A long-quiet office campus along Tempe’s Priest Drive could swap cubicles for loading docks under a new proposal from a California developer. Plans have been filed to scrape the aging buildings at 2750 S. Priest Drive and replace them with large industrial halls geared toward advanced manufacturing and logistics, adding hundreds of thousands of square feet of warehouse and support office space along the busy employment corridor. City officials and nearby residents are now weighing whether the roughly 25-acre site should return to industrial use.

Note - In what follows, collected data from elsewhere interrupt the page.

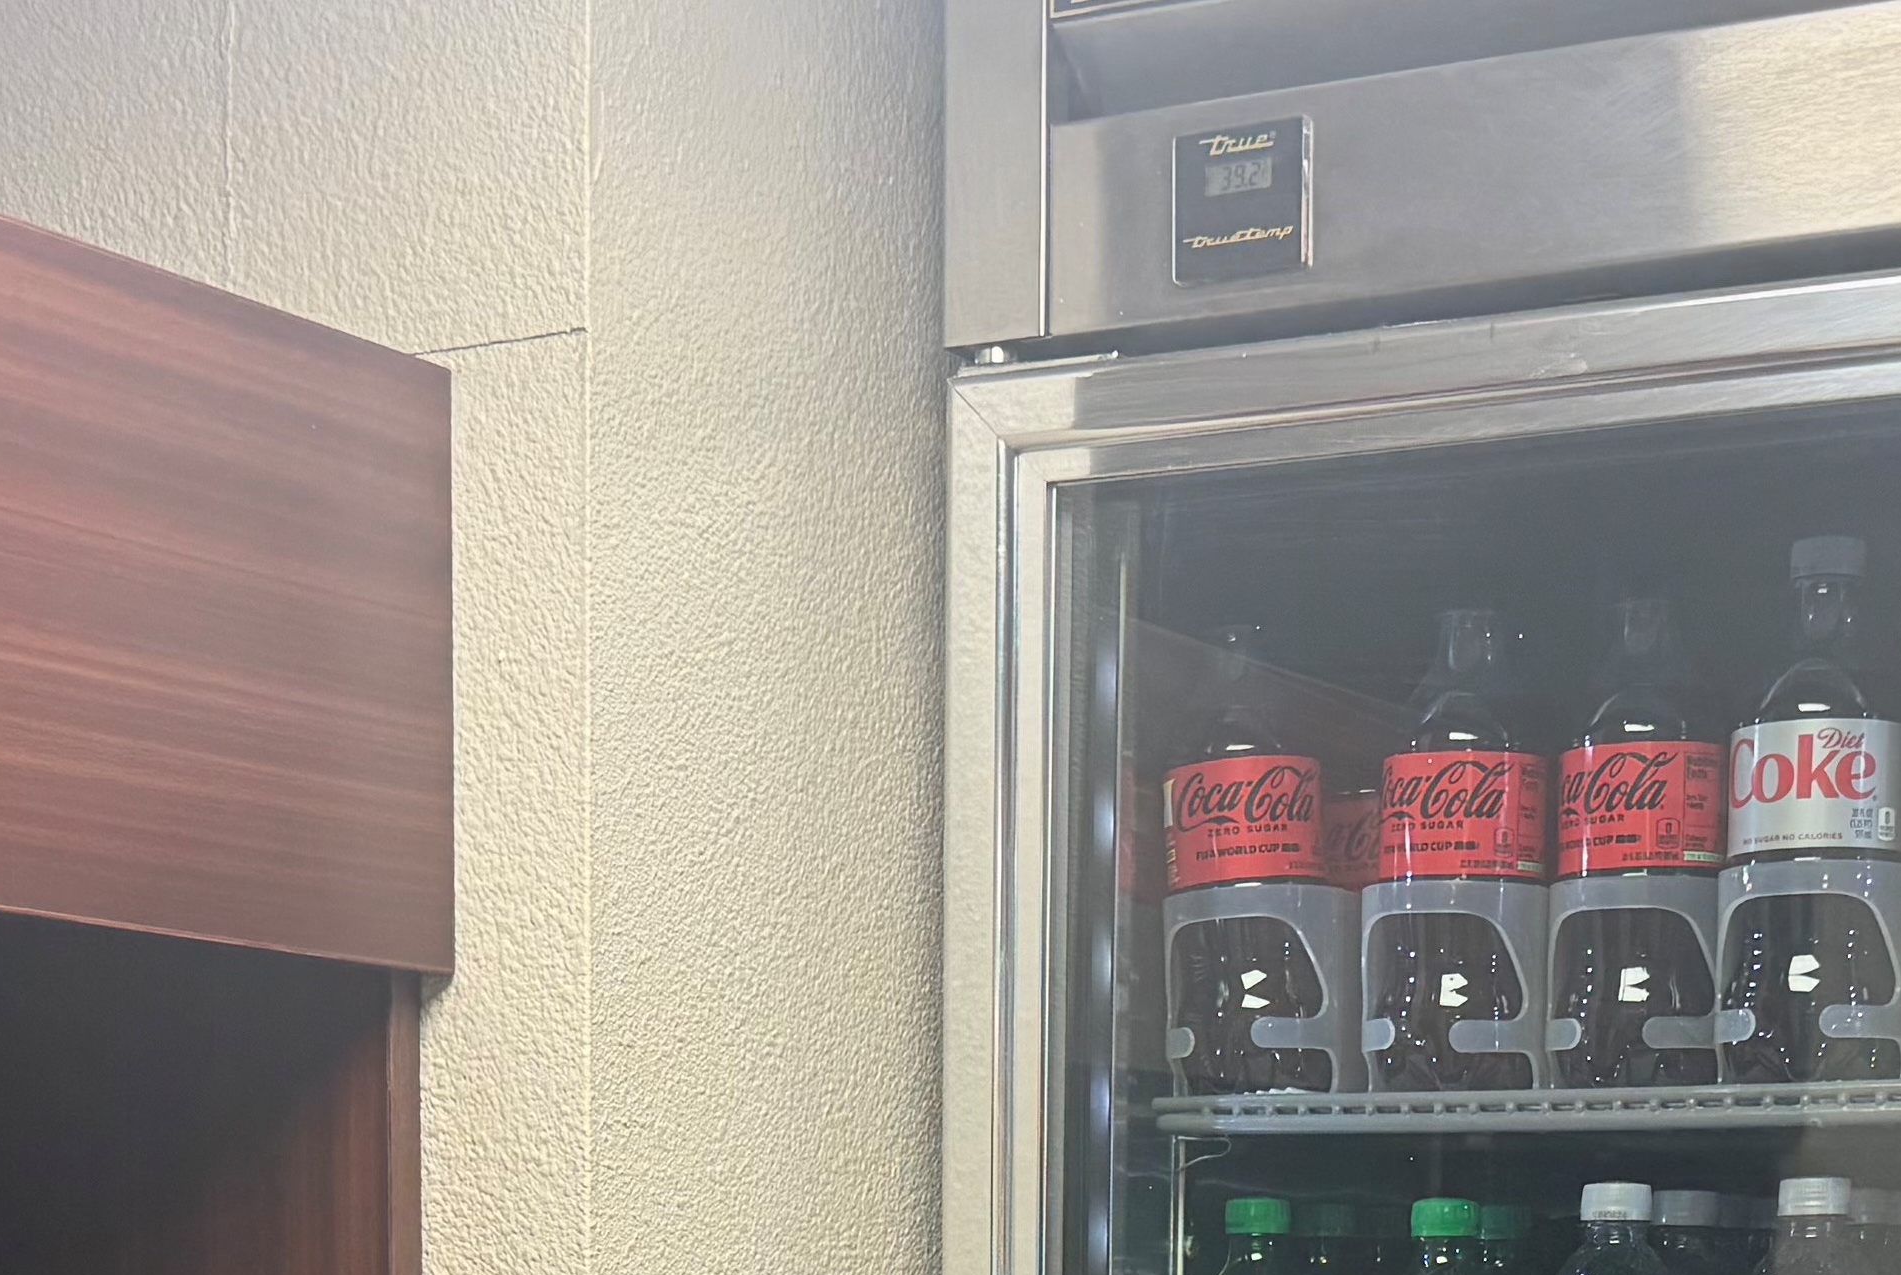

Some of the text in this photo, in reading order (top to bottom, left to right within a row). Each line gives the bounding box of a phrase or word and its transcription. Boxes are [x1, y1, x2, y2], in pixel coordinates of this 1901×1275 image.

[1817, 727, 1865, 752] Diet
[1730, 734, 1878, 809] Coke
[1177, 766, 1317, 832] Coca-Cola
[1207, 823, 1288, 837] ZERO SUGAR
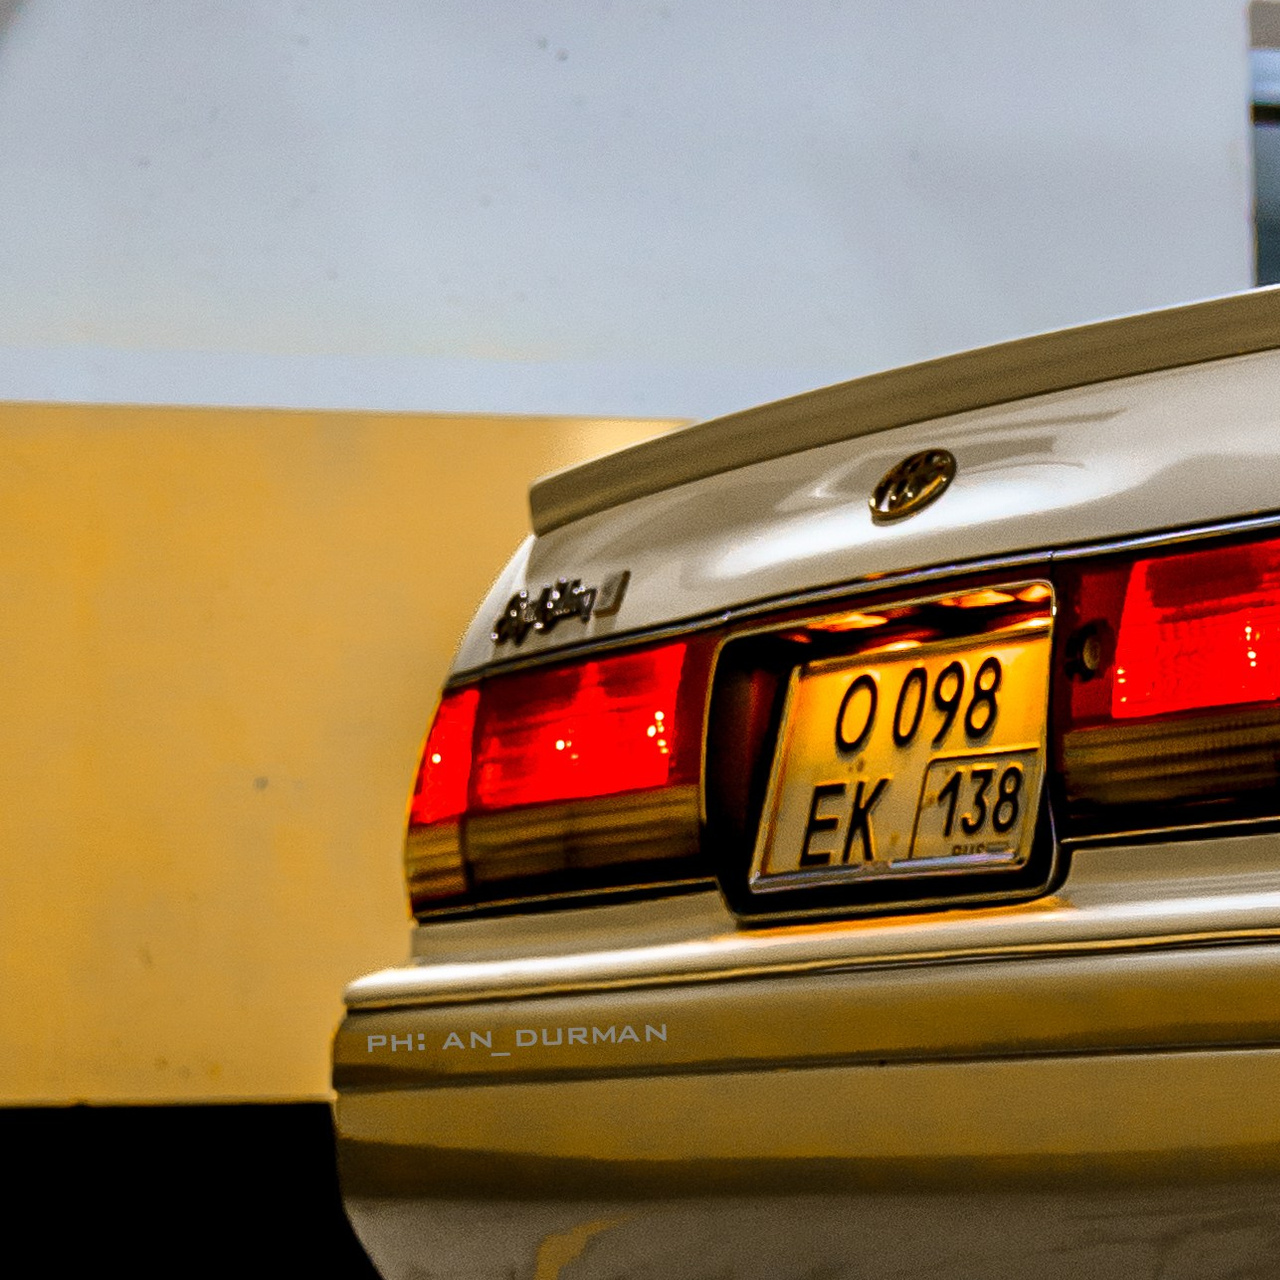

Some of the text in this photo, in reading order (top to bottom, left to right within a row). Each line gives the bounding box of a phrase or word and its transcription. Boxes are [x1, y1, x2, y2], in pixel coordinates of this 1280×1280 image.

[893, 657, 1001, 748] 098
[800, 778, 891, 868] EK
[937, 766, 1024, 838] 138
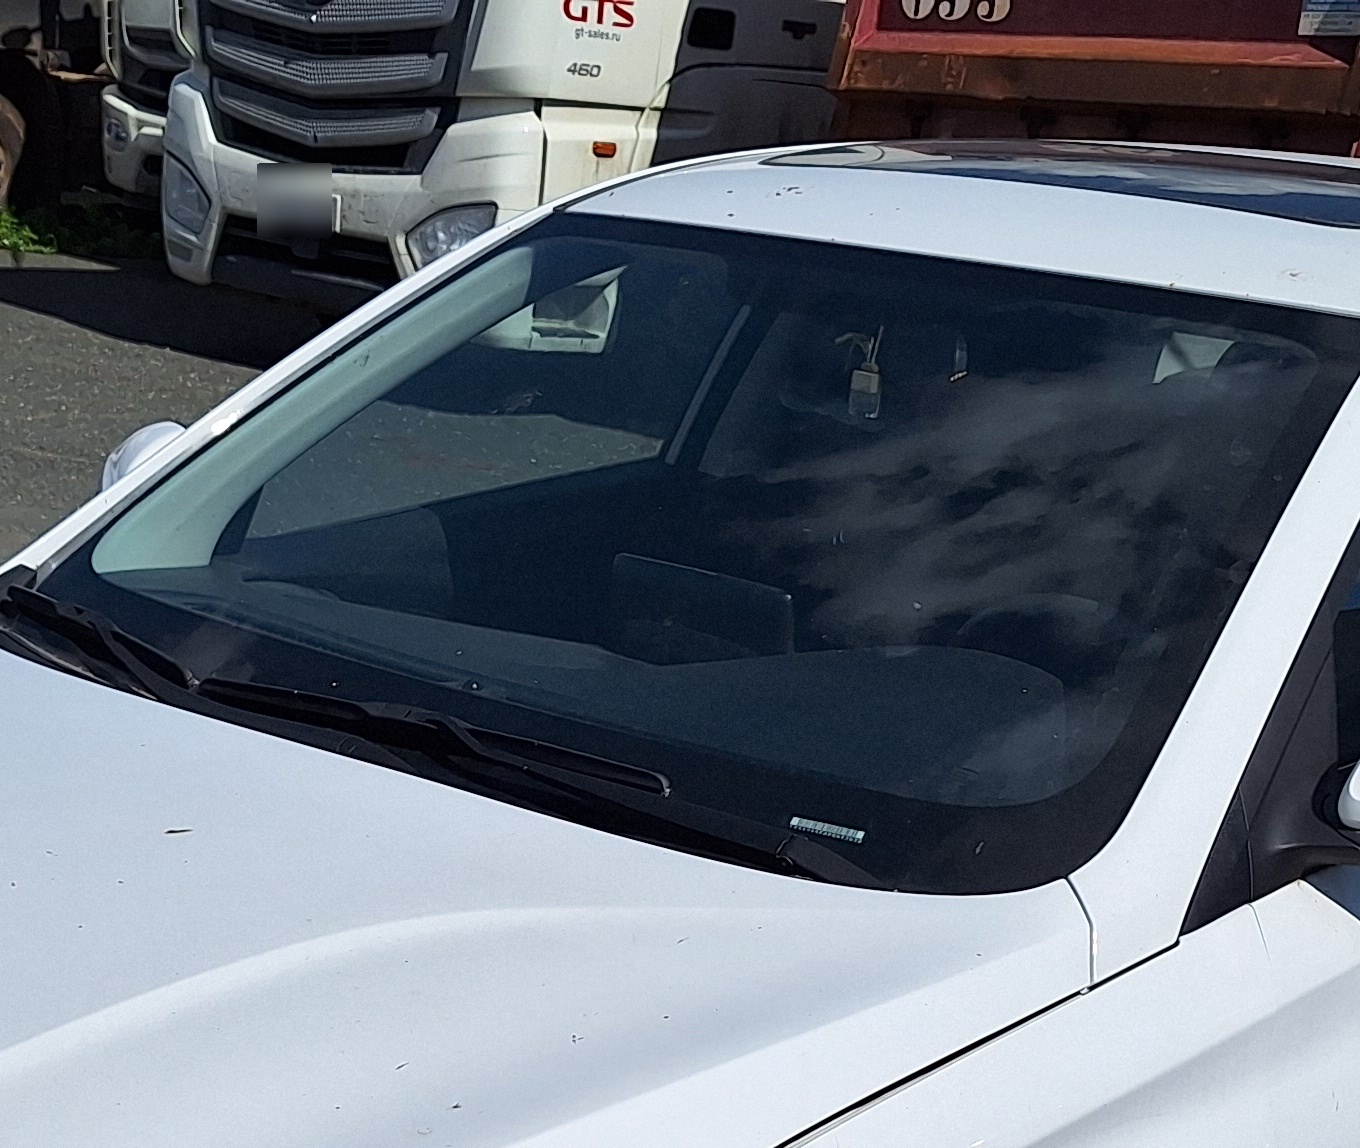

According to the Phoenix Business Journal, the campus at 2750 S. Priest Drive has sat mostly vacant for about 15 years. Reporter Helena Wegner notes that the California-based applicant is seeking Tempe’s blessing to swap out the existing office designation for industrial and advanced-manufacturing uses.
The proposal in detail
Planning documents identify Panattoni Development Company as the group behind the application. The firm is looking to build two single-story industrial structures, each about 46 feet tall, with a combined program totaling several hundred thousand square feet of warehouse and office space. AZBEX reports the plan calls for roughly 354,000 square feet of warehouse, industrial and manufacturing space and about 88,700 square feet of related office. Building 1 is pegged at about 249,900 square feet, while Building 2 is planned at around 198,900 square feet. The proposal leans on existing parking garages and on-site parking courtyards to handle both employee vehicles and truck traffic.
A long-idle campus
Marketing materials show the roughly 25-acre property once served as an operations center for State Farm and is now largely empty, according to a Crexi listing packet. Local planning records and coverage also recall a 2023 push for the IDM Fountainhead multifamily project, a 566-unit proposal that secured a General Plan amendment but never moved forward, leaving the land open for yet another potential reinvention.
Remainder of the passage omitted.